La ville des ombresEntre 1968 et 1974, Washington est en ébullition. Aux émeutes raciales succèdent les manifestations contre la guerre du Vietnam, les menaces d’attentat du Weather Underground et l’accession au pouvoir d’un Richard Nixon corrompu et entouré d’hommes à l’avenant et avides de pouvoir comme Spiro Agnew ou Henry Kissinger. Il arrive aussi que des femmes disparaissent. C’est en en recherchant une que le jeune policier John Quinn, infiltré dans les milieux contestataires, va tirer le premier fil d’un réseau labyrinthique mêlant les intérêts de la pègre locale, des autorités policières et des politiques corrompus.

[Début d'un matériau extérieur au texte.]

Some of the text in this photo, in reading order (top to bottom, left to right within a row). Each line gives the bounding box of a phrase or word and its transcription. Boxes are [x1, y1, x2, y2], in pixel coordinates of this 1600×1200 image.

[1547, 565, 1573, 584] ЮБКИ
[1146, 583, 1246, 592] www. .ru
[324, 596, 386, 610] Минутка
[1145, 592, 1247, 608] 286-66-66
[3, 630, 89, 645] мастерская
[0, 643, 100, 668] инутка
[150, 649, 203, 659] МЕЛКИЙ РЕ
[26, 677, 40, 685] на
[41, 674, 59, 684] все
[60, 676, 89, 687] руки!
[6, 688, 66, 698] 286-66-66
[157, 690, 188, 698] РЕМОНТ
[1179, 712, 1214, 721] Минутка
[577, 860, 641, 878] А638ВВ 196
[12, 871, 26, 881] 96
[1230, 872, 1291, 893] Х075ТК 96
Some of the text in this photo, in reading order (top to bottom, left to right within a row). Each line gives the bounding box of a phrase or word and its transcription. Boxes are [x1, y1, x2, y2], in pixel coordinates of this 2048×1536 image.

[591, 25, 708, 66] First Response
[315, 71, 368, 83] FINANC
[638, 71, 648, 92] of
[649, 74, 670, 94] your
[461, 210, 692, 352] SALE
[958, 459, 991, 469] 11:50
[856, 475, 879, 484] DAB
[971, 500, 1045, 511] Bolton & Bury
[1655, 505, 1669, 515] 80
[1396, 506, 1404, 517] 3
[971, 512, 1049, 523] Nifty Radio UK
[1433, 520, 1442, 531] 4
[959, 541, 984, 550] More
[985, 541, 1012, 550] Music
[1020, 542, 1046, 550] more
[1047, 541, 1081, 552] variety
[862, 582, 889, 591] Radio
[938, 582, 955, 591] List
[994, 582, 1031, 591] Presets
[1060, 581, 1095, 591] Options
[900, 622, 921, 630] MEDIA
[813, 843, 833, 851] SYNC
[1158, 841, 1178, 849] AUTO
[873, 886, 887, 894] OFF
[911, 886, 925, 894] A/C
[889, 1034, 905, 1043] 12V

Parallèlement, Nathan Holloway, officier de la Navy de retour du Vietnam est chargé d’espionner la Maison Blanche pour le compte de ses supérieurs tandis que le jeune Vaughn Conner, collaborateur d’un sénateur blanchi sous le harnais, grisé par le tourbillon du Watergate, met lui aussi les pieds dans le marigot criminalo-politique washingtonien.

Trois hommes qui, malgré des parcours qui pourraient les opposer, ont en commun un certain idéal de la justice et de la politique et qui seront entraînés dans un scandale qui les dépasse et risque de les broyer.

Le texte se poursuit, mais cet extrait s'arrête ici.